Work required » Type the records that follow again exactly as written, but drop the pictures.

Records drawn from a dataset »
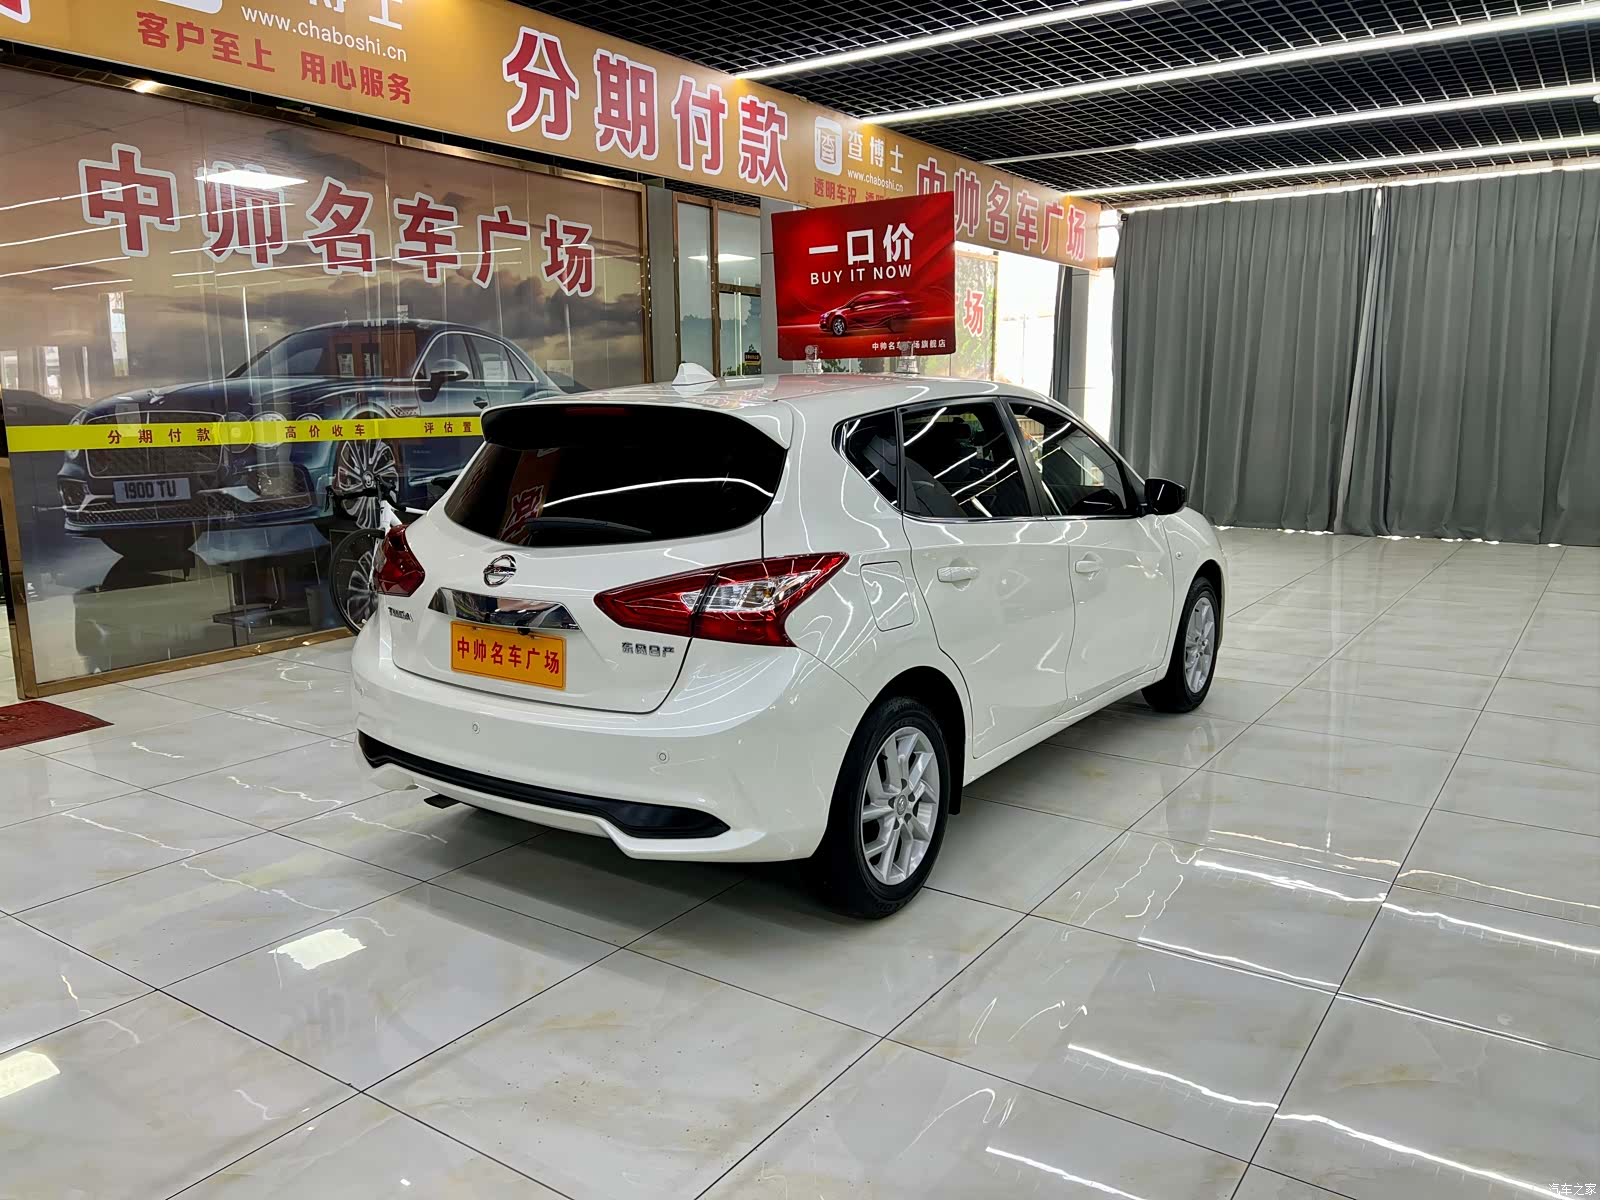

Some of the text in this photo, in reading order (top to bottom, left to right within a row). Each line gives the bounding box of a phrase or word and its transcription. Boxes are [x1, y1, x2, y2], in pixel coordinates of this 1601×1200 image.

[241, 6, 407, 62] www.chaboshi.cn
[136, 11, 275, 72] 客户至上
[300, 51, 411, 105] 用心服务
[503, 26, 788, 191] 分期付款
[847, 130, 904, 174] 查博士
[814, 177, 857, 204] 透明车况
[847, 169, 904, 192] www.chaboshi.cn
[79, 143, 595, 297] 中帅名车广场
[808, 223, 914, 265] 一口价
[810, 264, 912, 285] BUY IT NOW
[955, 287, 984, 338] 场
[872, 339, 946, 351] 中帅名场旗舰店
[107, 421, 472, 445] 分期付款 高价收车 评估置
[123, 480, 177, 499] 1900 TU
[457, 636, 560, 674] 中帅名车广场
[621, 642, 675, 657] 东风日产

Response to this exercise »
Some of the text in this photo, in reading order (top to bottom, left to right within a row). Each line gives the bounding box of a phrase or word and its transcription. Boxes are [x1, y1, x2, y2], in pixel coordinates of this 1601×1200 image.

[241, 6, 407, 62] www.chaboshi.cn
[136, 11, 275, 72] 客户至上
[300, 51, 411, 105] 用心服务
[503, 26, 788, 191] 分期付款
[847, 130, 904, 174] 查博士
[814, 177, 857, 204] 透明车况
[847, 169, 904, 192] www.chaboshi.cn
[79, 143, 595, 297] 中帅名车广场
[808, 223, 914, 265] 一口价
[810, 264, 912, 285] BUY IT NOW
[955, 287, 984, 338] 场
[872, 339, 946, 351] 中帅名场旗舰店
[107, 421, 472, 445] 分期付款 高价收车 评估置
[123, 480, 177, 499] 1900 TU
[457, 636, 560, 674] 中帅名车广场
[621, 642, 675, 657] 东风日产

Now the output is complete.